# Another black self litter *pics*



## windyhill (Jan 19, 2010)

Echo had 6, but culled to 3, 2 girls & 1 boy.
Should carry chocolate & pink eyes
D.O.B: 5/27/2010


----------



## WNTMousery (Jun 2, 2010)

Cute babes. What are the parents?


----------



## miss.understood (Apr 20, 2010)

*likes*


----------



## The Boggit keeper (Mar 5, 2010)

Aww, little black peepers, so sweet


----------



## Jack Garcia (Oct 9, 2009)

I can see the improvement you're making from generation to generation.


----------



## windyhill (Jan 19, 2010)

Thanks 
These 3 are alot bigger in size then my last black self litter 
The doe is one of my biggest does I have.

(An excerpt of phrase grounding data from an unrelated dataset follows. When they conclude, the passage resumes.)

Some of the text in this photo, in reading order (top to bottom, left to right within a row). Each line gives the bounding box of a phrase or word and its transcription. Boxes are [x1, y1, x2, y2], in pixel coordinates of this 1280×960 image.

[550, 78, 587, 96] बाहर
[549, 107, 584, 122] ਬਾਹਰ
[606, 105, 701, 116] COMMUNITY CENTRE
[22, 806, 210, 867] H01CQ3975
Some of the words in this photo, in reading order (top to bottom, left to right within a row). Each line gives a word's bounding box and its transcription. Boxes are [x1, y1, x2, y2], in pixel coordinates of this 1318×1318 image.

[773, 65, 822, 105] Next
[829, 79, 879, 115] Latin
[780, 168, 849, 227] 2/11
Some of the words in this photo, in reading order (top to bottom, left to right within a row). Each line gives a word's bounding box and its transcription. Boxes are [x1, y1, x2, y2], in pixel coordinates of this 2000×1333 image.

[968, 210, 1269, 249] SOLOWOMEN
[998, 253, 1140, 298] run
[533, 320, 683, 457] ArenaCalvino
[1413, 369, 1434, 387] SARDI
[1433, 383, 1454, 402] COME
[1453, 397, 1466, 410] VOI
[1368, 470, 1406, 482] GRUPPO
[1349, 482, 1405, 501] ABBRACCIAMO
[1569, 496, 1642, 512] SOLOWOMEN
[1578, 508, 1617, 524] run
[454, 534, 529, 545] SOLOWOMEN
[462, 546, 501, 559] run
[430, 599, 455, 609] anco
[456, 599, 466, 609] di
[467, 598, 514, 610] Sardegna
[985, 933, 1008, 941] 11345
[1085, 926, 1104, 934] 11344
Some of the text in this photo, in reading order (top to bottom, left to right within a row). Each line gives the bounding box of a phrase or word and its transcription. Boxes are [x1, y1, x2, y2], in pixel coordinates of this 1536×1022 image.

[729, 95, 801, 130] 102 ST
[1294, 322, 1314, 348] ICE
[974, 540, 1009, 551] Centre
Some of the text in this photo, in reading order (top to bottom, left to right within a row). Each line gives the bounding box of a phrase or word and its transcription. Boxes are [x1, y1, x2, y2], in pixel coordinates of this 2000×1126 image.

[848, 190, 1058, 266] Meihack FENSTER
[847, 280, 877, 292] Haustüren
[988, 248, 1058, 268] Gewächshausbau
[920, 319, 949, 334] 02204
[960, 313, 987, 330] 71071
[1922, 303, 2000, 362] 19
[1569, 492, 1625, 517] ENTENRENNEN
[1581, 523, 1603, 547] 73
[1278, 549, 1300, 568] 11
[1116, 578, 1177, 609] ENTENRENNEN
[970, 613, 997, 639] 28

Parent are Chocolate self buck X Dove self Doe. My goal is to get champagnes(pet colored, not show) from this line.


----------



## WNTMousery (Jun 2, 2010)

If dad is Chocolate and mom is Dove then they do indeed carry Chocolate and pink eyes.  You will get champagne if you cross the siblings to each other.


----------



## zany_toon (Apr 3, 2010)

Awww!! Very lovely


----------



## windyhill (Jan 19, 2010)

Thanks 
Ive already planned on breeding the male to one of his sisters once they are old enough.


----------